[Supplied entries]

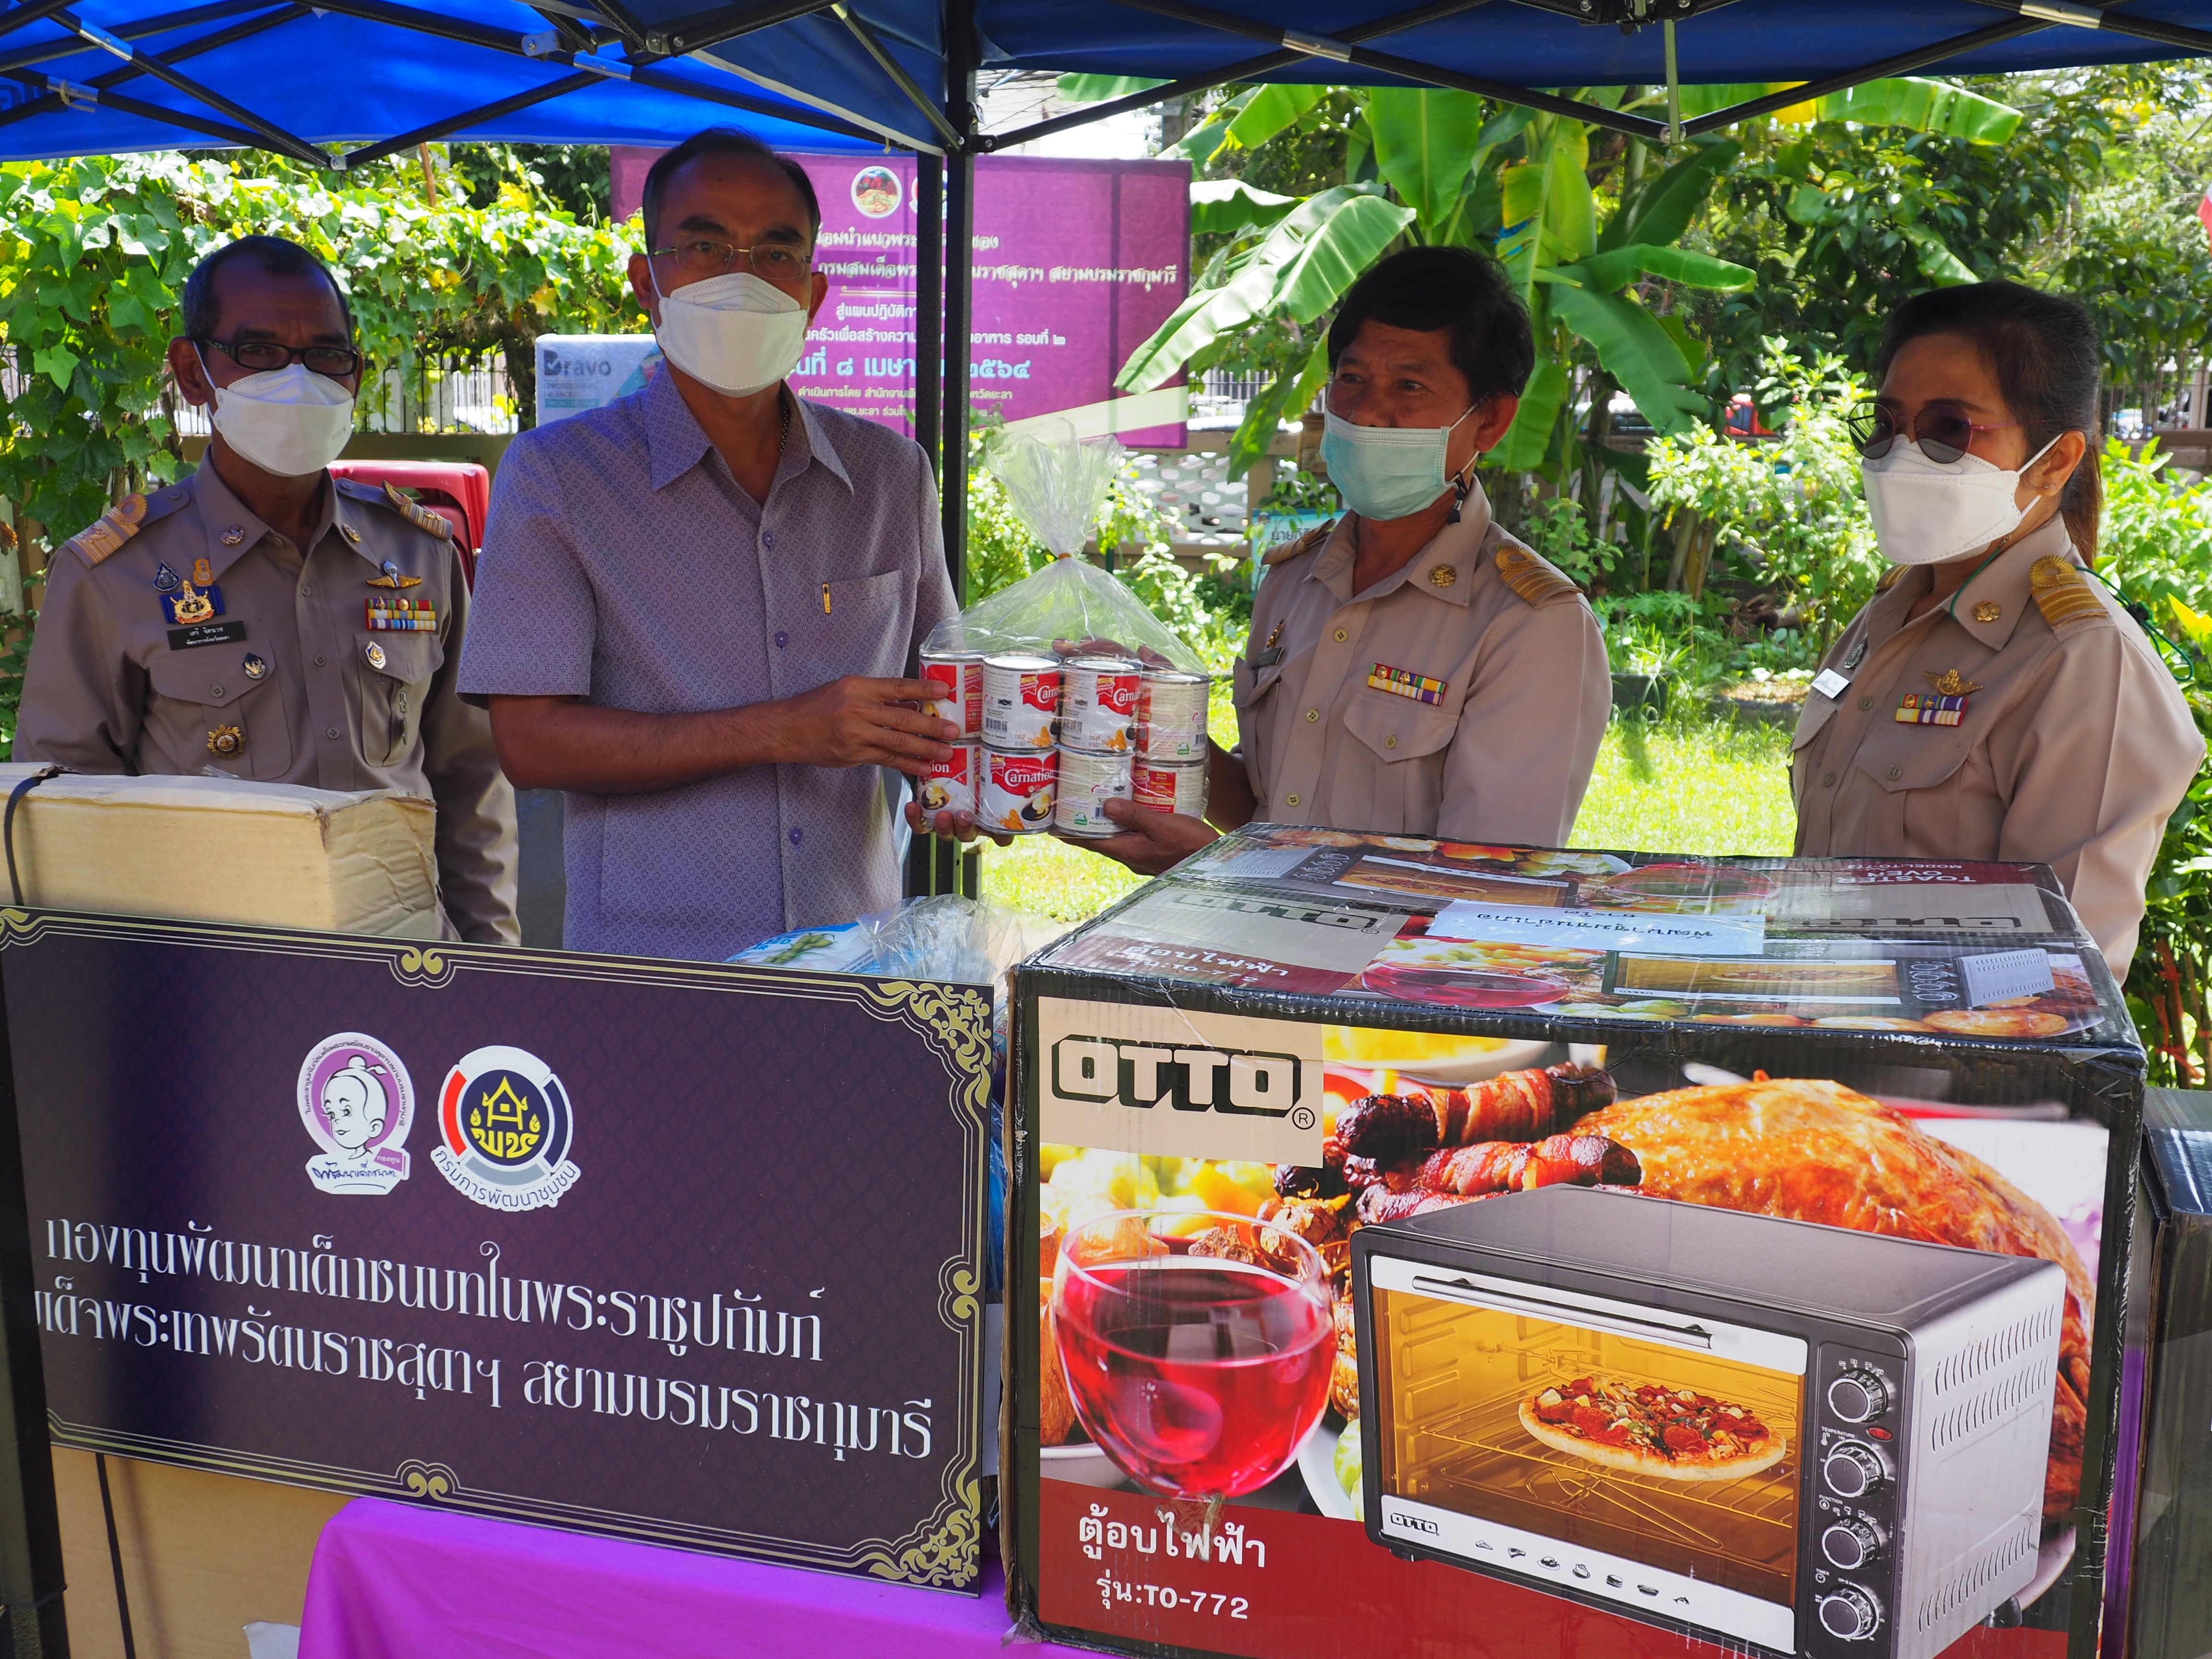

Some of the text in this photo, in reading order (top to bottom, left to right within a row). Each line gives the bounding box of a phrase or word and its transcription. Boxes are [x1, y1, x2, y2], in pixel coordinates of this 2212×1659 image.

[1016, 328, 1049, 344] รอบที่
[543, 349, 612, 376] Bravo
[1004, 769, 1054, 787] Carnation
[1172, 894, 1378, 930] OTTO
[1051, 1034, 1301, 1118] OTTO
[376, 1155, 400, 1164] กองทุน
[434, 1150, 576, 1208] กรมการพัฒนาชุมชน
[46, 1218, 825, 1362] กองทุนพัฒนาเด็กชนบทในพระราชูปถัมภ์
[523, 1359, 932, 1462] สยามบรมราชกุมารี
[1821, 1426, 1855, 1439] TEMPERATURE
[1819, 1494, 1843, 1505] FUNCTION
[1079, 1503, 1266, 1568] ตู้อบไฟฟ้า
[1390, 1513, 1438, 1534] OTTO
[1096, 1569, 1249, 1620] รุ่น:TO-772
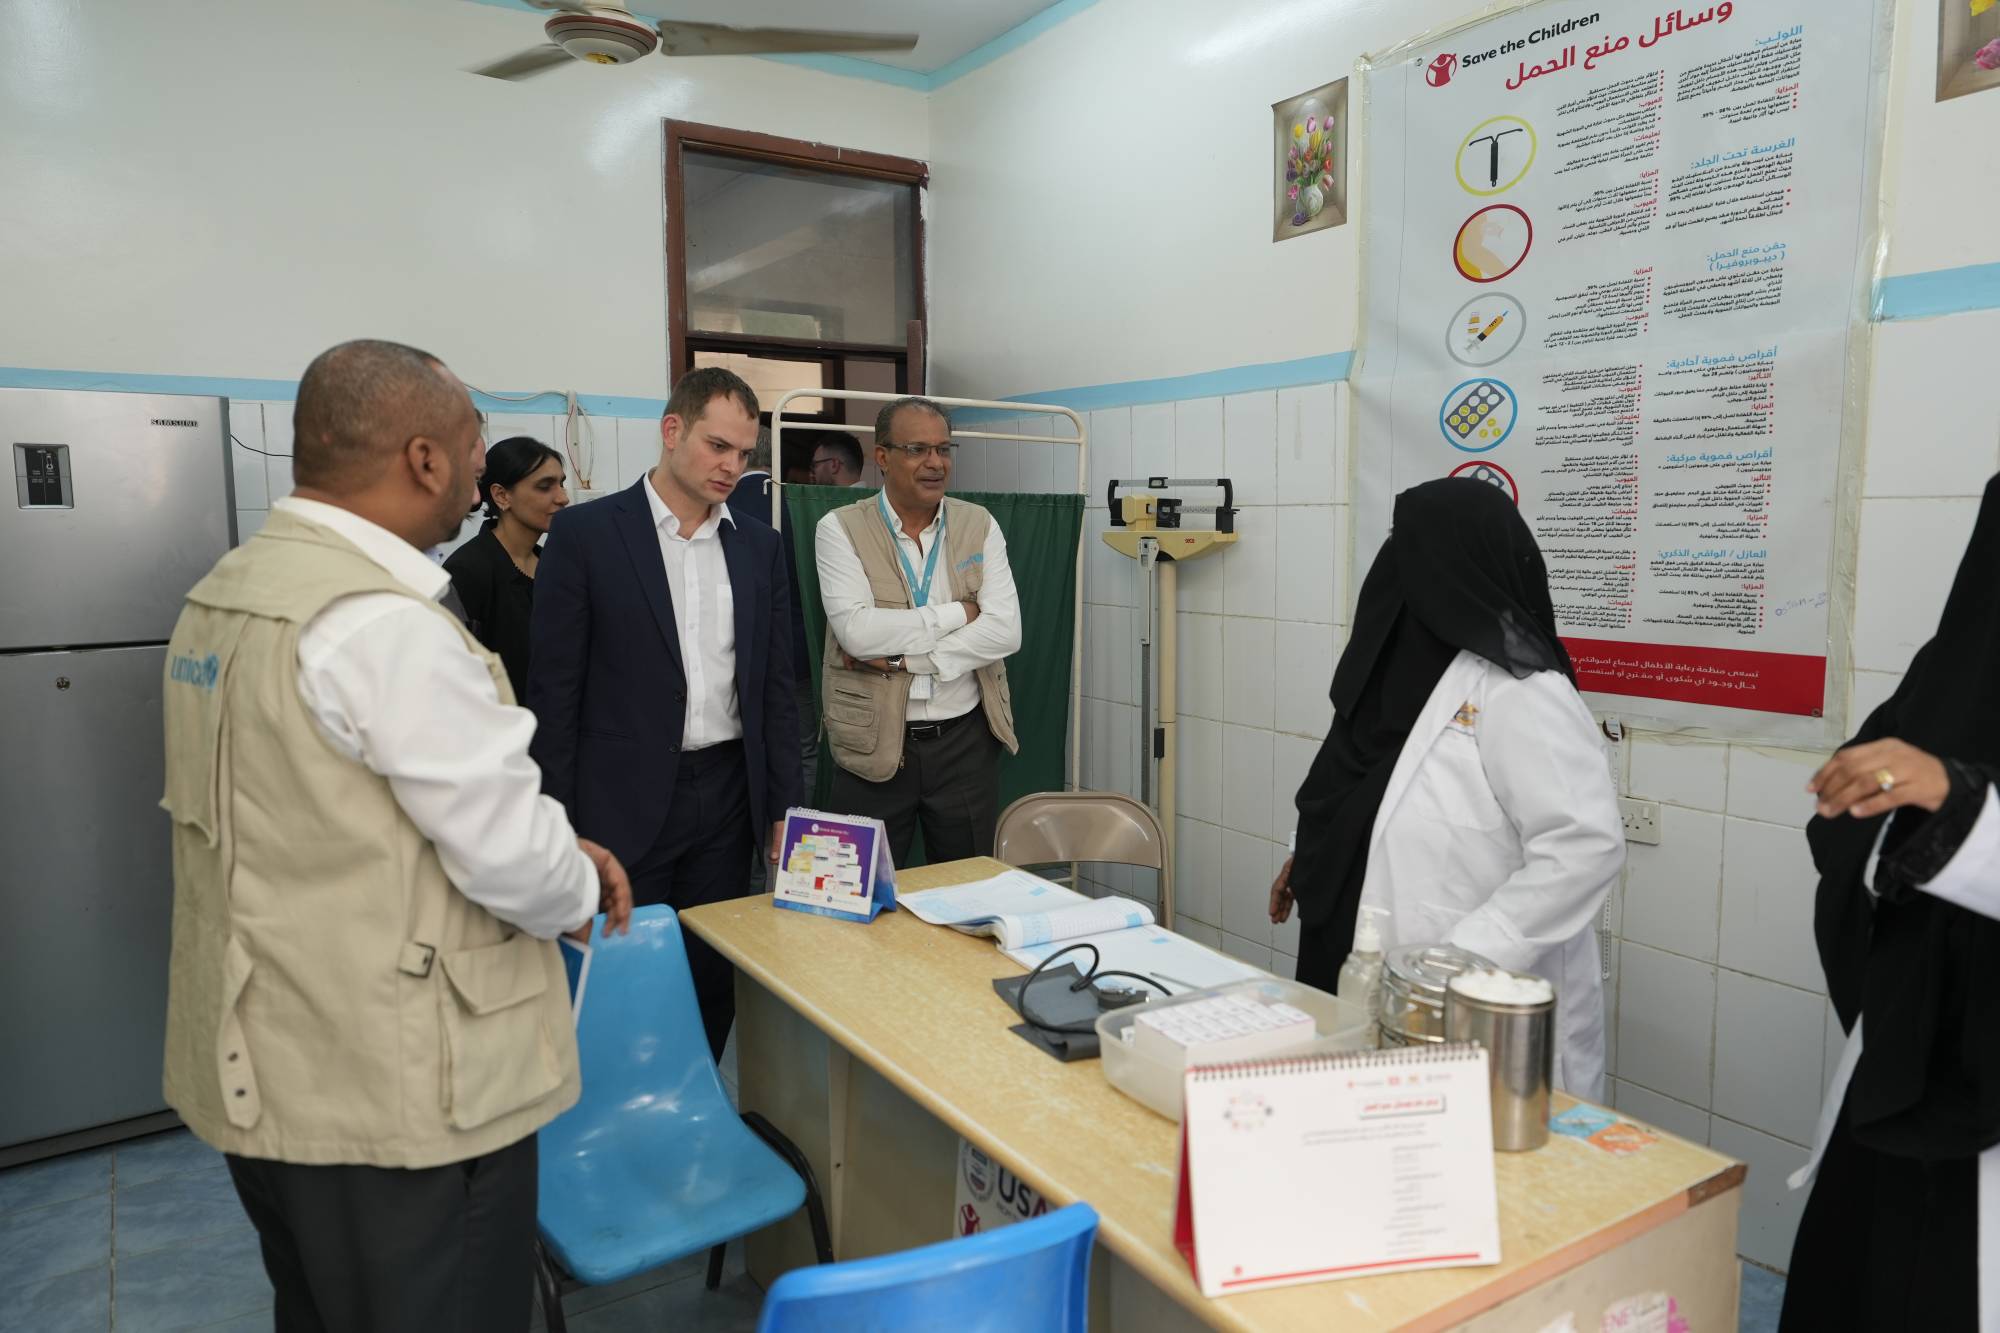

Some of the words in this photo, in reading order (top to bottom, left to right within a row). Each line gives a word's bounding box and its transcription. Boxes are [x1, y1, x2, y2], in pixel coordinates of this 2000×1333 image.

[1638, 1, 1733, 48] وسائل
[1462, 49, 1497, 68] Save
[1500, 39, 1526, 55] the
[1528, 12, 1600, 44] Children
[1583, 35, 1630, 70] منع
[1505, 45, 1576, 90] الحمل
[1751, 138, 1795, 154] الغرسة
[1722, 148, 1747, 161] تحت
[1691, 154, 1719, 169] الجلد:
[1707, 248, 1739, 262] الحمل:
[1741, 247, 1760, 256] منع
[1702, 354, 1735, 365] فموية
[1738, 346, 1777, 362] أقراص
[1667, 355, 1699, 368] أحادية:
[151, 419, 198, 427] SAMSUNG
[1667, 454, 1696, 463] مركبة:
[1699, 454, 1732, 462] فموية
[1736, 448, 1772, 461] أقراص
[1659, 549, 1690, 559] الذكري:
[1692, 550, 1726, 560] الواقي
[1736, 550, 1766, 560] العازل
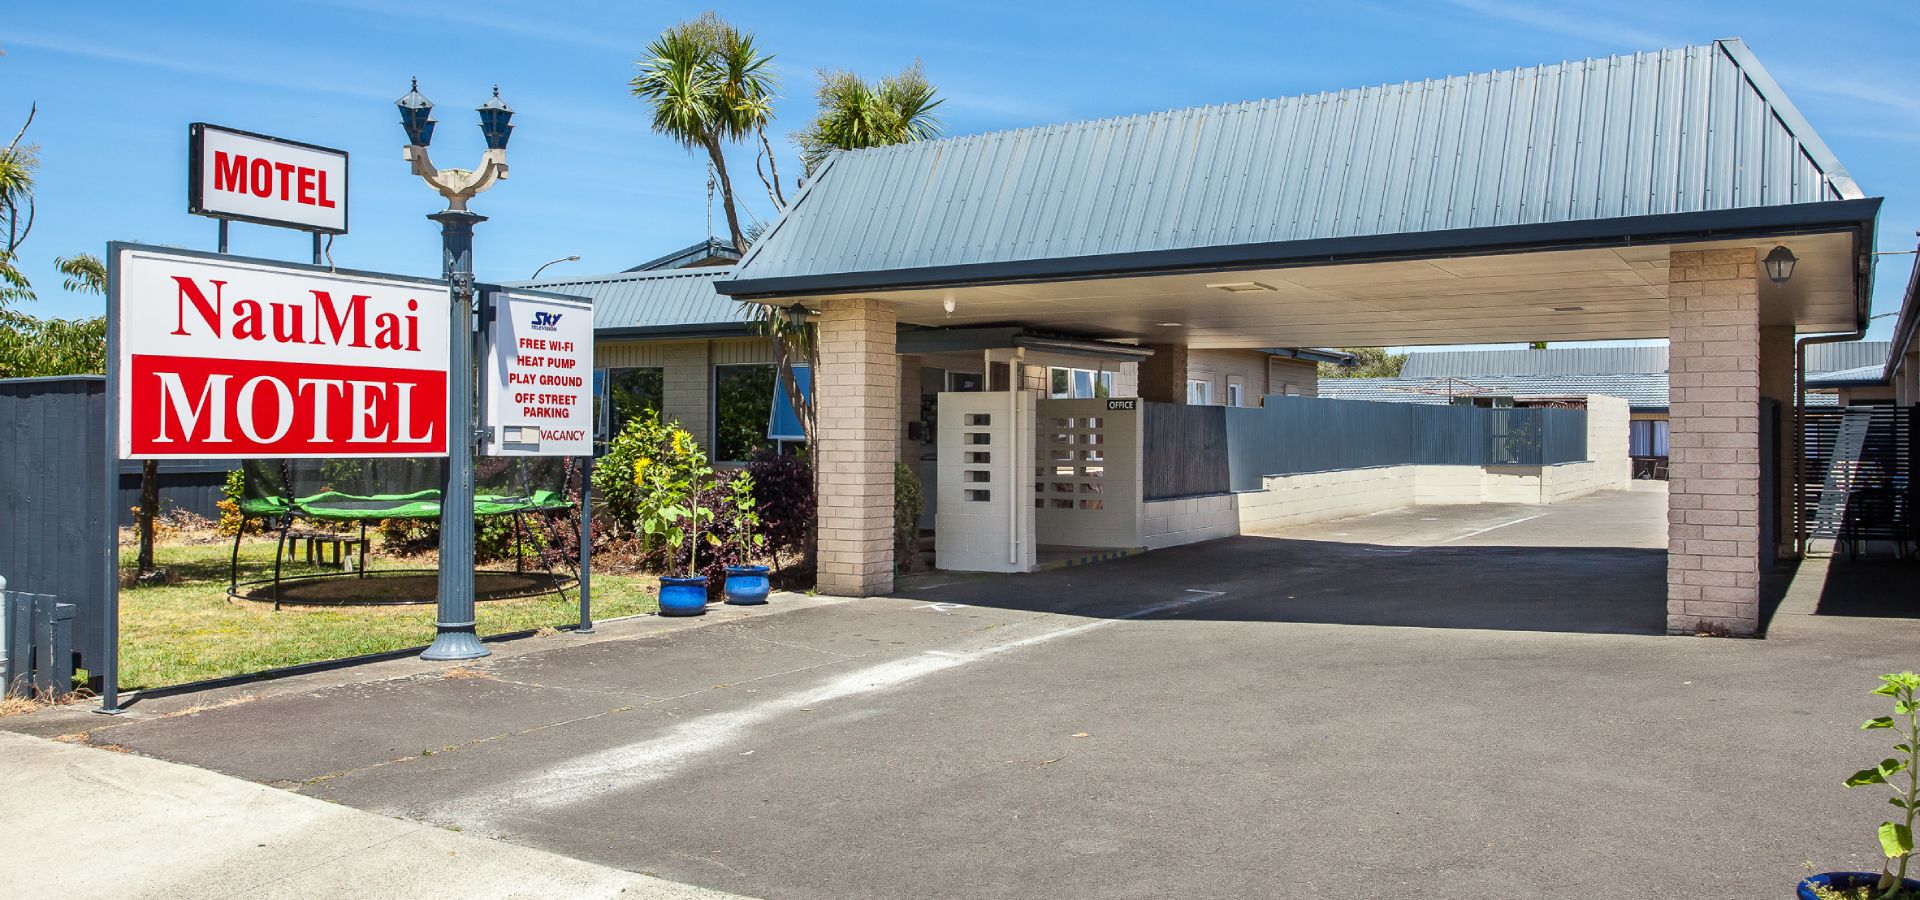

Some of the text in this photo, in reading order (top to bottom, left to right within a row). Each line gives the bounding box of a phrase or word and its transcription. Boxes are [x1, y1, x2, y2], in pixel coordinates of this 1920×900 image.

[Exercise objective] The records above need to be given again exactly. Omit the pictures.

[Exercise result]
Some of the text in this photo, in reading order (top to bottom, left to right within a row). Each line gives the bounding box of a phrase or word and its transcription. Boxes are [x1, y1, x2, y2], in pixel coordinates of this 2212×1659 image.

[1016, 328, 1049, 344] รอบที่
[543, 349, 612, 376] Bravo
[1004, 769, 1054, 787] Carnation
[1172, 894, 1378, 930] OTTO
[1051, 1034, 1301, 1118] OTTO
[376, 1155, 400, 1164] กองทุน
[434, 1150, 576, 1208] กรมการพัฒนาชุมชน
[46, 1218, 825, 1362] กองทุนพัฒนาเด็กชนบทในพระราชูปถัมภ์
[523, 1359, 932, 1462] สยามบรมราชกุมารี
[1821, 1426, 1855, 1439] TEMPERATURE
[1819, 1494, 1843, 1505] FUNCTION
[1079, 1503, 1266, 1568] ตู้อบไฟฟ้า
[1390, 1513, 1438, 1534] OTTO
[1096, 1569, 1249, 1620] รุ่น:TO-772

Some of the words in this photo, in reading order (top to bottom, left to right within a row). Each line gives a word's bounding box and its transcription. Boxes are [x1, y1, x2, y2], in pixel coordinates of this 2000×1333 image.

[1638, 1, 1733, 48] وسائل
[1462, 49, 1497, 68] Save
[1500, 39, 1526, 55] the
[1528, 12, 1600, 44] Children
[1583, 35, 1630, 70] منع
[1505, 45, 1576, 90] الحمل
[1751, 138, 1795, 154] الغرسة
[1722, 148, 1747, 161] تحت
[1691, 154, 1719, 169] الجلد:
[1707, 248, 1739, 262] الحمل:
[1741, 247, 1760, 256] منع
[1702, 354, 1735, 365] فموية
[1738, 346, 1777, 362] أقراص
[1667, 355, 1699, 368] أحادية:
[151, 419, 198, 427] SAMSUNG
[1667, 454, 1696, 463] مركبة:
[1699, 454, 1732, 462] فموية
[1736, 448, 1772, 461] أقراص
[1659, 549, 1690, 559] الذكري:
[1692, 550, 1726, 560] الواقي
[1736, 550, 1766, 560] العازل

Some of the text in this photo, in reading order (top to bottom, left to right within a row). Each line gives the bounding box of a phrase or word and its transcription. Boxes are [x1, y1, x2, y2], in pixel coordinates of this 1920×900 image.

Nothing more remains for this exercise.